Work required:
Your task is to write out exactly the lines from the line containing "this 2352×1568 image." through the end of the records, inclusive at both ends.

Collected data:
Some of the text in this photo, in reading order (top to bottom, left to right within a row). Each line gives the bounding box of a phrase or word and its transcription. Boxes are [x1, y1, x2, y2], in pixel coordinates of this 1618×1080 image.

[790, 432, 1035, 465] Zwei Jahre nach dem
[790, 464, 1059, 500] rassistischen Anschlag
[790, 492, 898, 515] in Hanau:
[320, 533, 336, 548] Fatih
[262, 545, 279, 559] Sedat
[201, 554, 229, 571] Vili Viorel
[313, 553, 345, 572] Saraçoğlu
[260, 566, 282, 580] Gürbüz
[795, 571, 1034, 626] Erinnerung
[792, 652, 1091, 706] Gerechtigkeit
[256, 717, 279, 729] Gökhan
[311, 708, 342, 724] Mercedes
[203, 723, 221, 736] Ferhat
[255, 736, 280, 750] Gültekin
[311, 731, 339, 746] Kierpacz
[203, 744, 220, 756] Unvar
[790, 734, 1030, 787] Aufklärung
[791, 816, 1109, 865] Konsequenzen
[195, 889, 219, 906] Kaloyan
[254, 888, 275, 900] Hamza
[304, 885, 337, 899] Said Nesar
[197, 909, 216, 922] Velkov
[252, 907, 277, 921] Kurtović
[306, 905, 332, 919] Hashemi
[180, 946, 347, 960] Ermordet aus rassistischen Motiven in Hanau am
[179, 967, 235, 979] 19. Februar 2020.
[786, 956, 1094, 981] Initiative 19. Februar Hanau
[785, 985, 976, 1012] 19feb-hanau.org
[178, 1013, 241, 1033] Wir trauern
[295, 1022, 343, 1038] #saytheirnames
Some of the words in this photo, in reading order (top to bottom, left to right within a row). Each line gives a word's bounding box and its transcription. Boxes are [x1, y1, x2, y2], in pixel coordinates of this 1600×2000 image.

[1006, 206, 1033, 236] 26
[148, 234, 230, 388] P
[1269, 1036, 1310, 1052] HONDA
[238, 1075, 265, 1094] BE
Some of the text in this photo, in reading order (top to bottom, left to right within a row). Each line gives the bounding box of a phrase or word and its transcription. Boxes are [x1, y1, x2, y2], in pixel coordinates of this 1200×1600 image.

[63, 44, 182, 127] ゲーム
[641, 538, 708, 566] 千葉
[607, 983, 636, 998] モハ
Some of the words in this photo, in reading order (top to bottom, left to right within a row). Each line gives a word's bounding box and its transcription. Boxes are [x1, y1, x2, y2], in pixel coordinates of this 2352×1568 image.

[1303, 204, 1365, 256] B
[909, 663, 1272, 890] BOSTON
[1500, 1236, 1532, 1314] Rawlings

Reply:
Some of the words in this photo, in reading order (top to bottom, left to right within a row). Each line gives a word's bounding box and its transcription. Boxes are [x1, y1, x2, y2], in pixel coordinates of this 2352×1568 image.

[1303, 204, 1365, 256] B
[909, 663, 1272, 890] BOSTON
[1500, 1236, 1532, 1314] Rawlings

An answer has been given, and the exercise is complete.